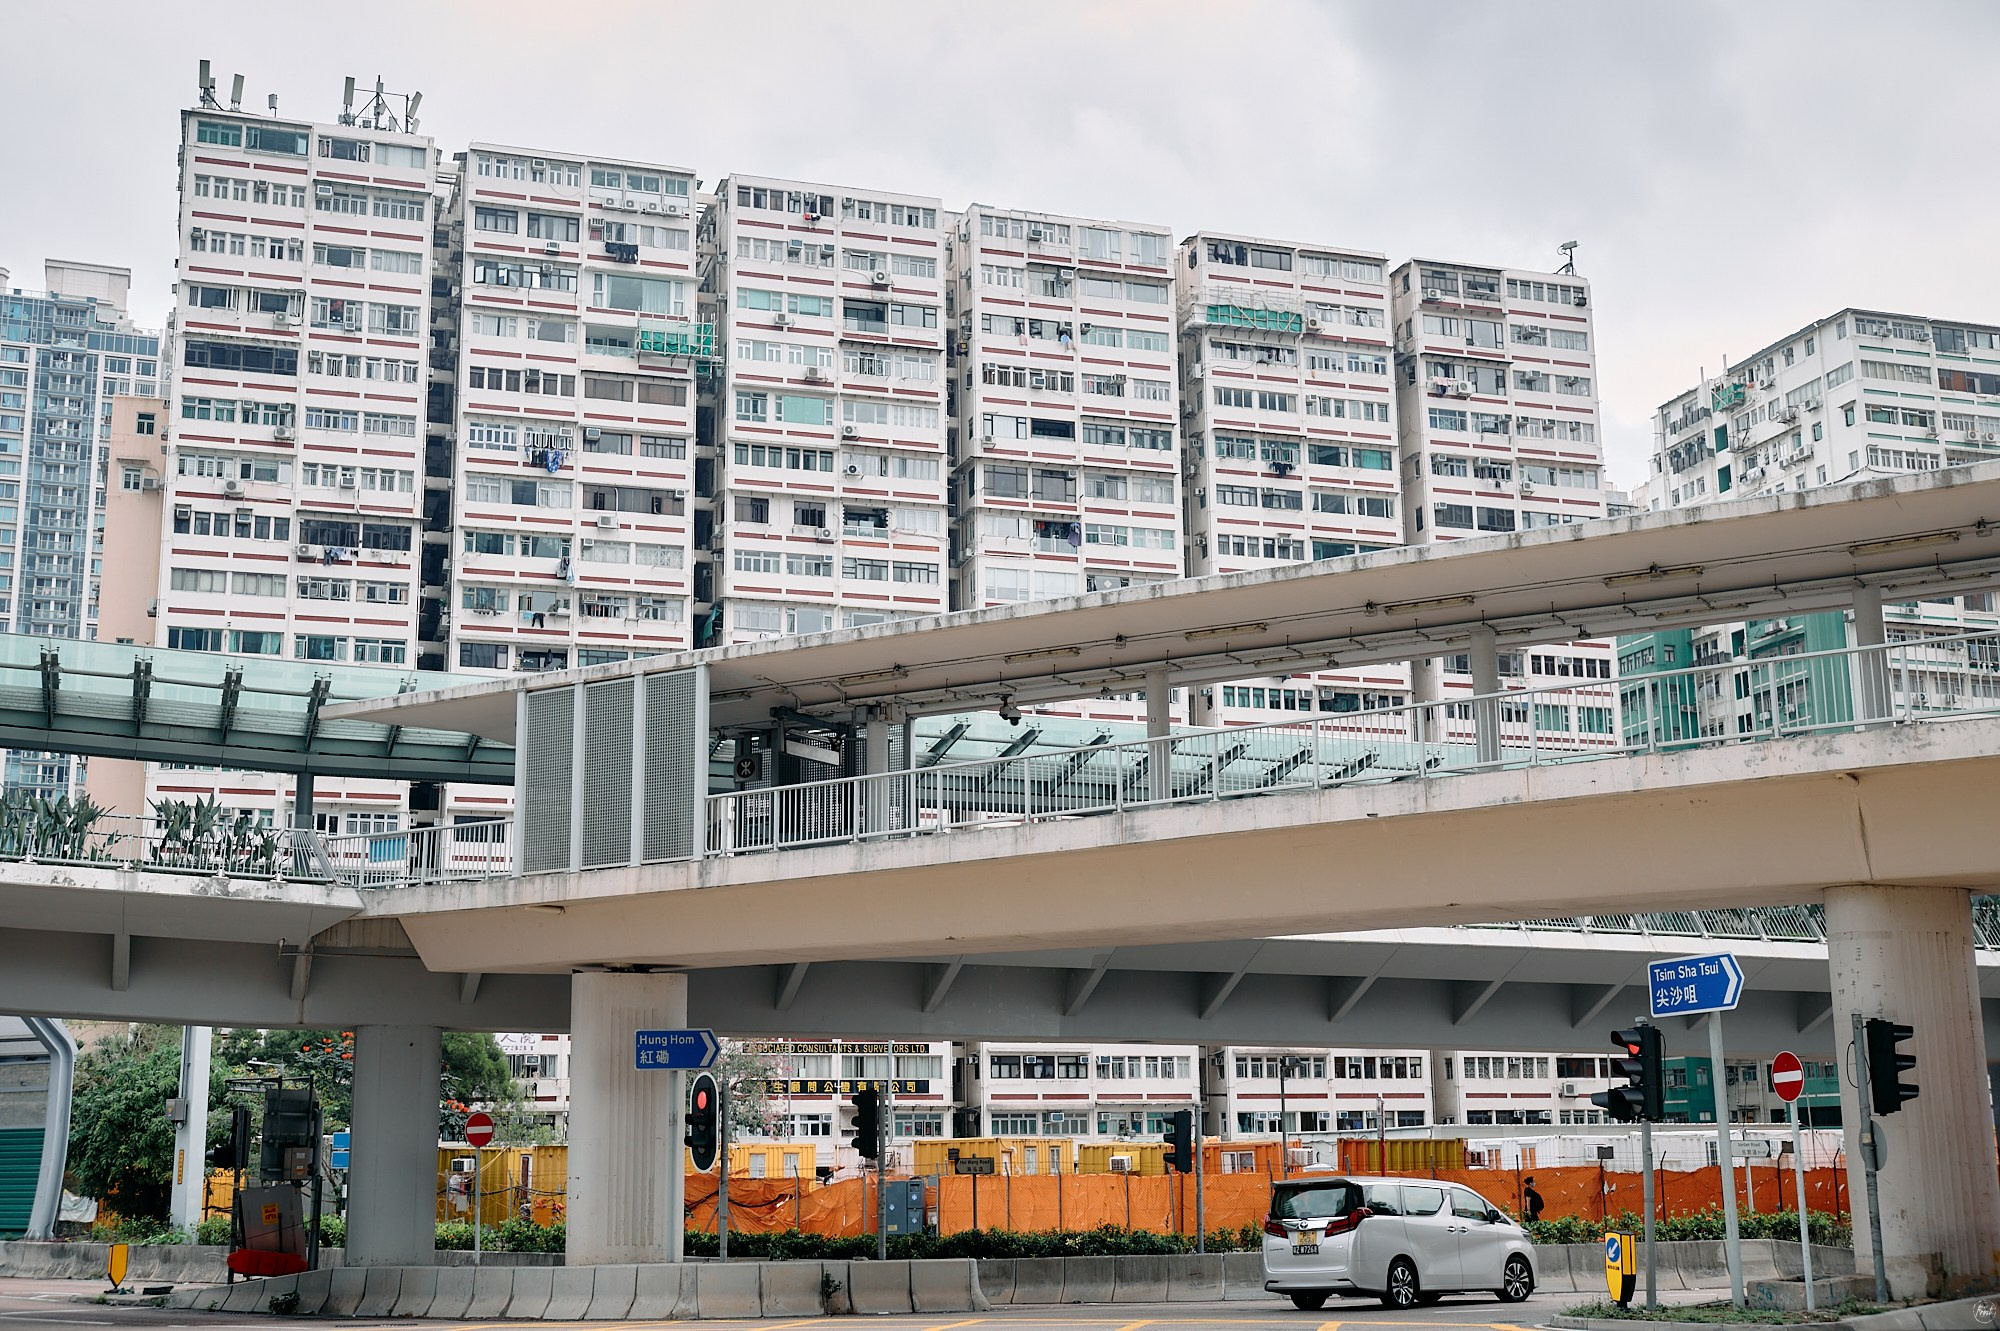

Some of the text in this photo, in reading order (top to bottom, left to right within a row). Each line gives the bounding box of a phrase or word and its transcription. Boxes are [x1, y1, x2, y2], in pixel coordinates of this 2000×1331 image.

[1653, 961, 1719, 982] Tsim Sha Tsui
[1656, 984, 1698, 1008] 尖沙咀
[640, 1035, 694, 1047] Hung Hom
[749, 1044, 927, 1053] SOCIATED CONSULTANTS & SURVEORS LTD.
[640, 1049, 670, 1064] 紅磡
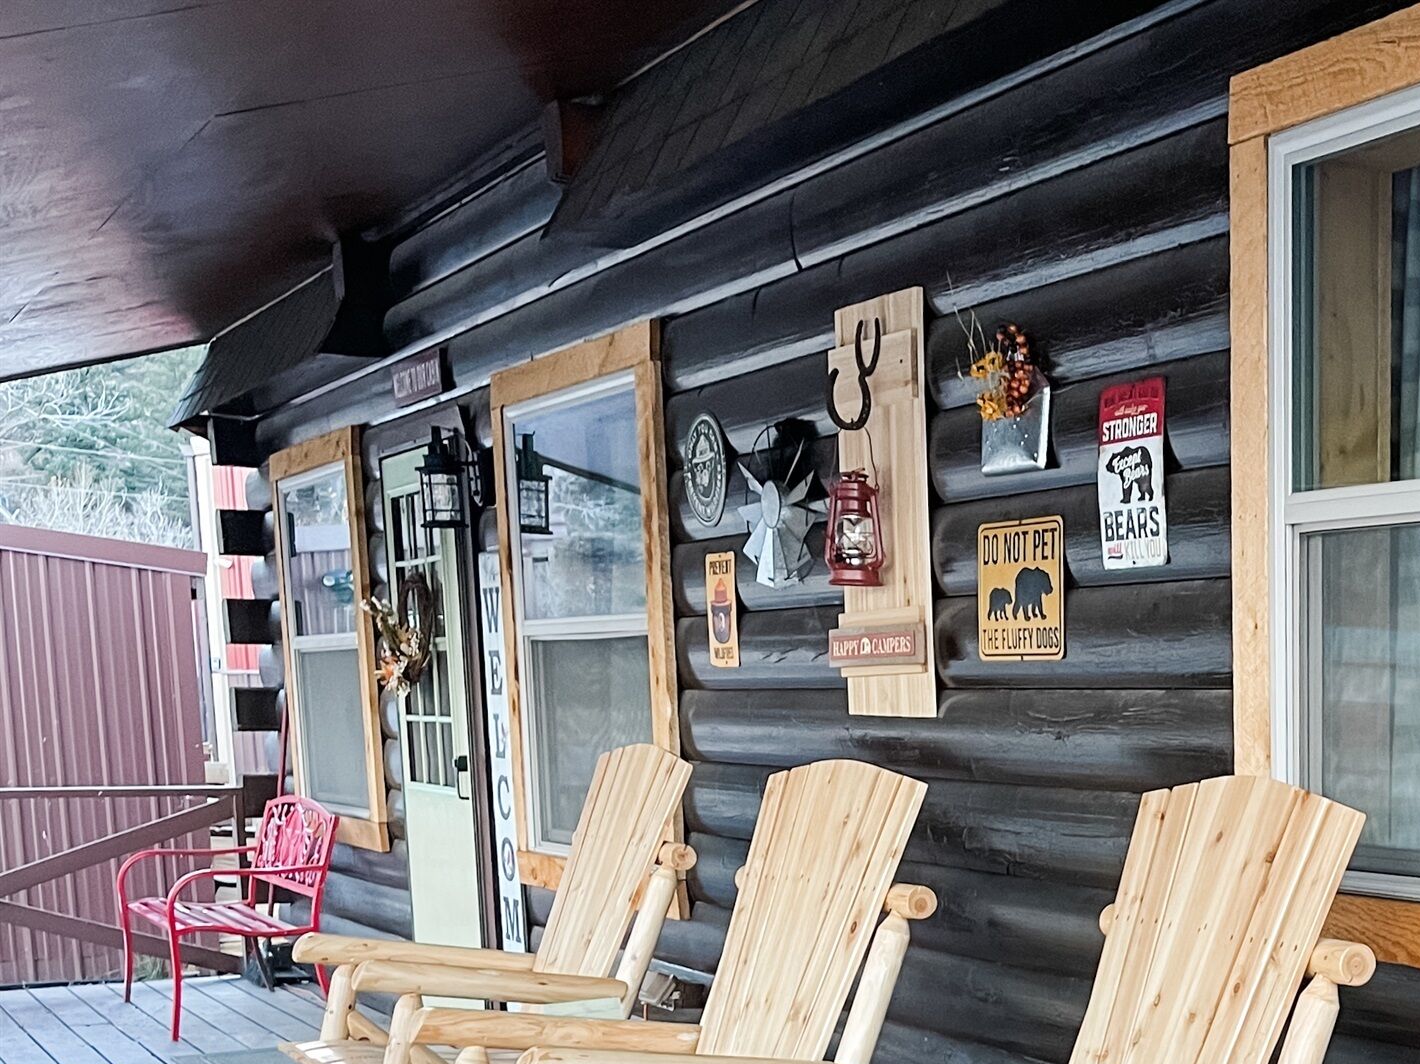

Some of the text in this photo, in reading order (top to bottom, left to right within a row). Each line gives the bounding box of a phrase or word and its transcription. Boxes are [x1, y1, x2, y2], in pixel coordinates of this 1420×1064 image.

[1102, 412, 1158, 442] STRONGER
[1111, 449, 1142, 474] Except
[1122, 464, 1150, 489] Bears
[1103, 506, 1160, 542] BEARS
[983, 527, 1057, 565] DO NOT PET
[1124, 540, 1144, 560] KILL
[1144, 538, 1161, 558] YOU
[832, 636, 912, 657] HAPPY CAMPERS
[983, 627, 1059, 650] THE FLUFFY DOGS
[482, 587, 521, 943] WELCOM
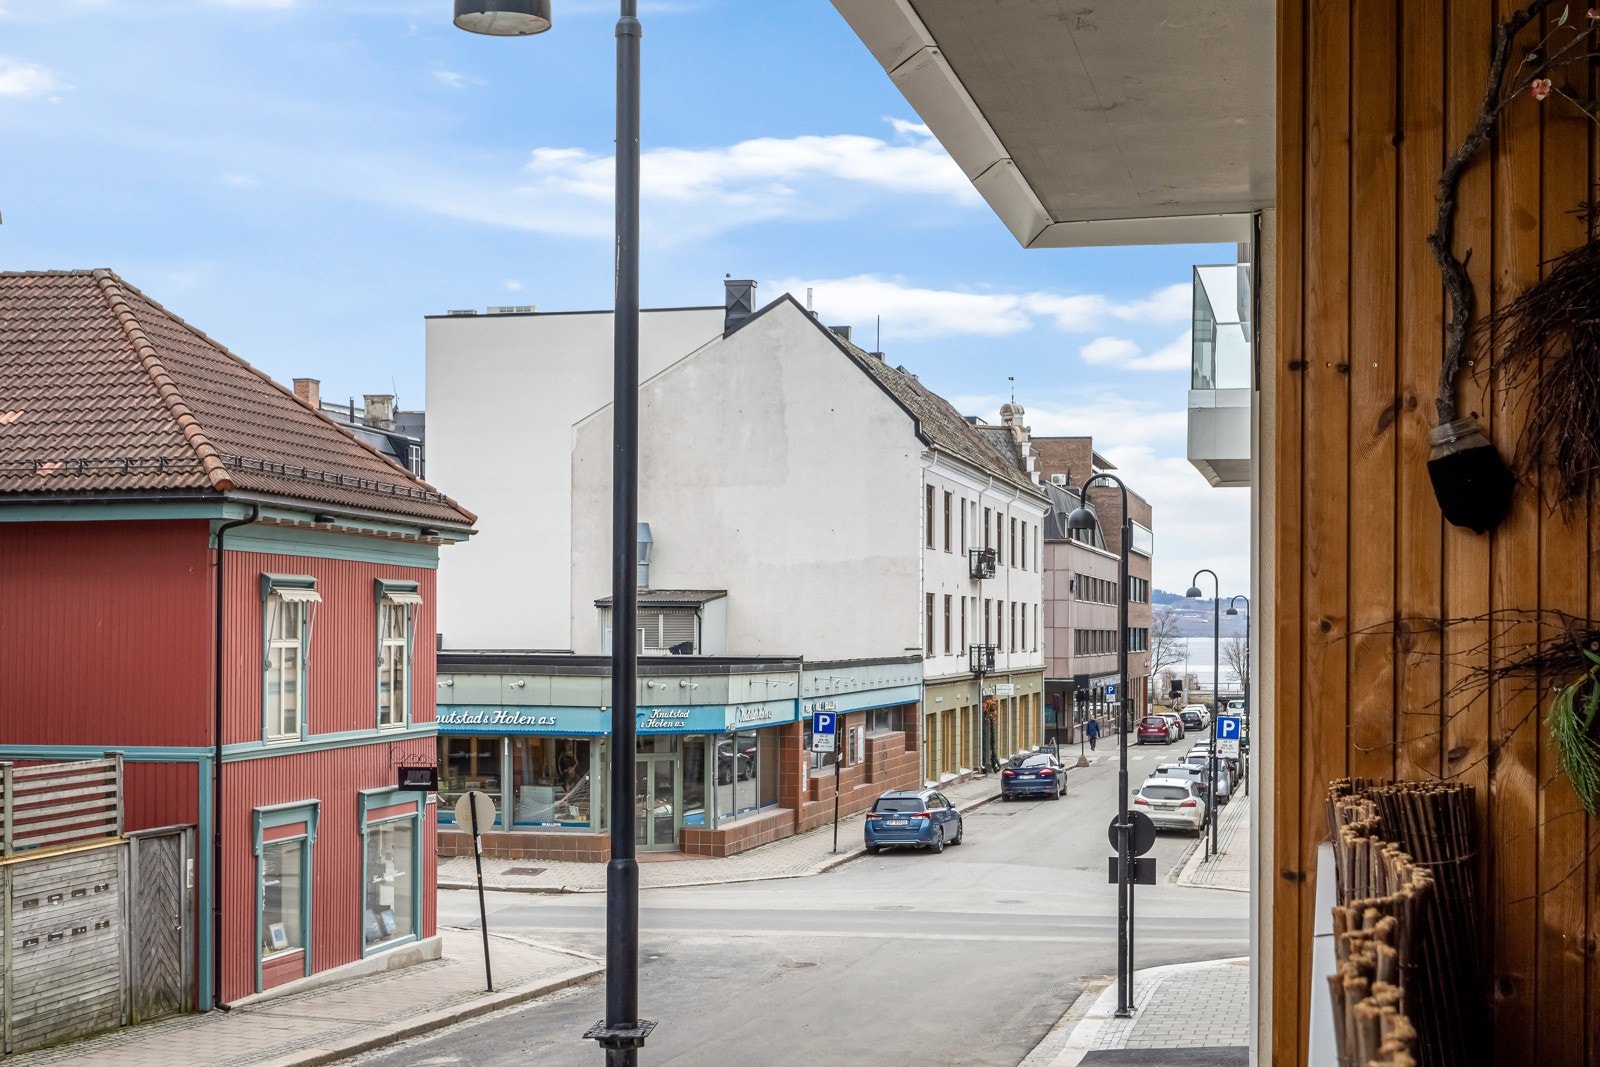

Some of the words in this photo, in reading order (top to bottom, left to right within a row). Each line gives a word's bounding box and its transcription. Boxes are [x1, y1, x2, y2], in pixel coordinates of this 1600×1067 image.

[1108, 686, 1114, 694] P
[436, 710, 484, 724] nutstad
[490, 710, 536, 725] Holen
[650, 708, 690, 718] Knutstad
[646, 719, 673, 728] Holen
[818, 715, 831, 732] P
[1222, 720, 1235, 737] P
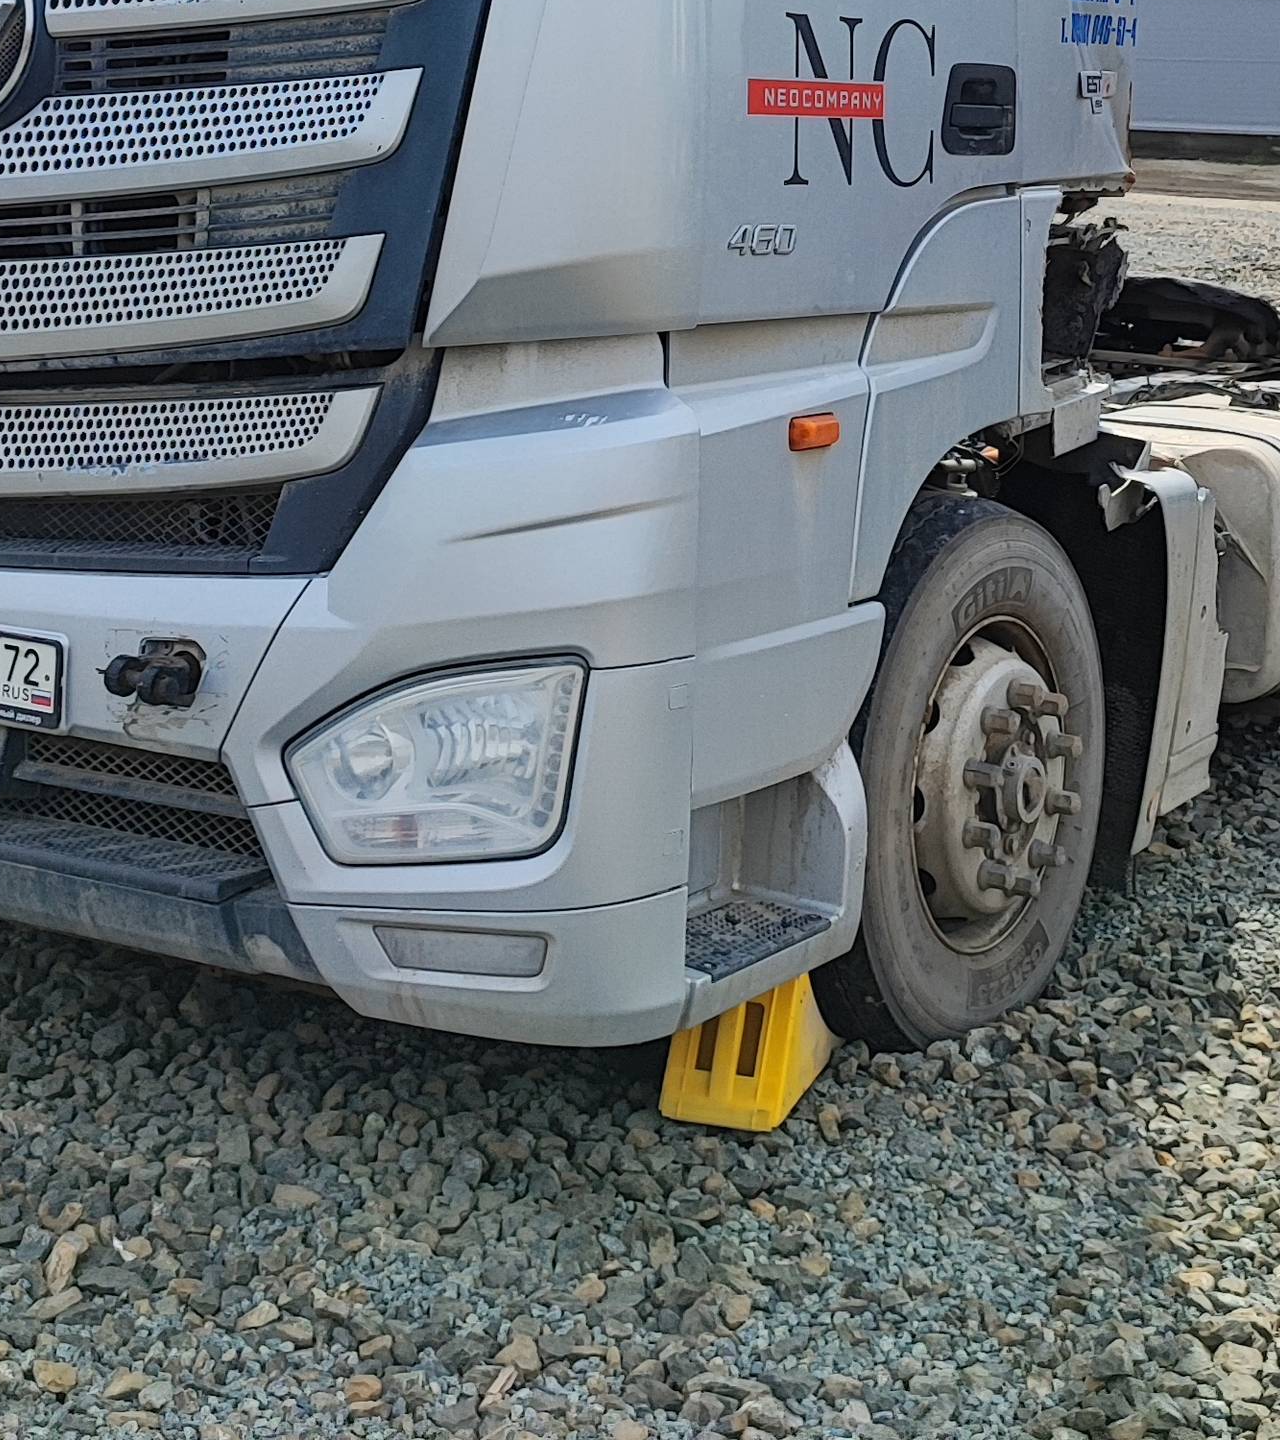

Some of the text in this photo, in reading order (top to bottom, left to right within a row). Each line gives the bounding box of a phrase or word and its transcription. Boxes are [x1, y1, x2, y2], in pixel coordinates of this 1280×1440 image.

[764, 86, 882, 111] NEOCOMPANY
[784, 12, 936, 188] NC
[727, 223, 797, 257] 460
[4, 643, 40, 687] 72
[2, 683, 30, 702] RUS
******************************
§ Task statement
Begin with the line that contains "this 1280×1440 image.". Repeat it and every line after it through the end of the listing, exactly, and print nothing more.

§ Final answer
Some of the text in this photo, in reading order (top to bottom, left to right within a row). Each line gives the bounding box of a phrase or word and its transcription. Boxes are [x1, y1, x2, y2], in pixel coordinates of this 1280×1440 image.

[764, 86, 882, 111] NEOCOMPANY
[784, 12, 936, 188] NC
[727, 223, 797, 257] 460
[4, 643, 40, 687] 72
[2, 683, 30, 702] RUS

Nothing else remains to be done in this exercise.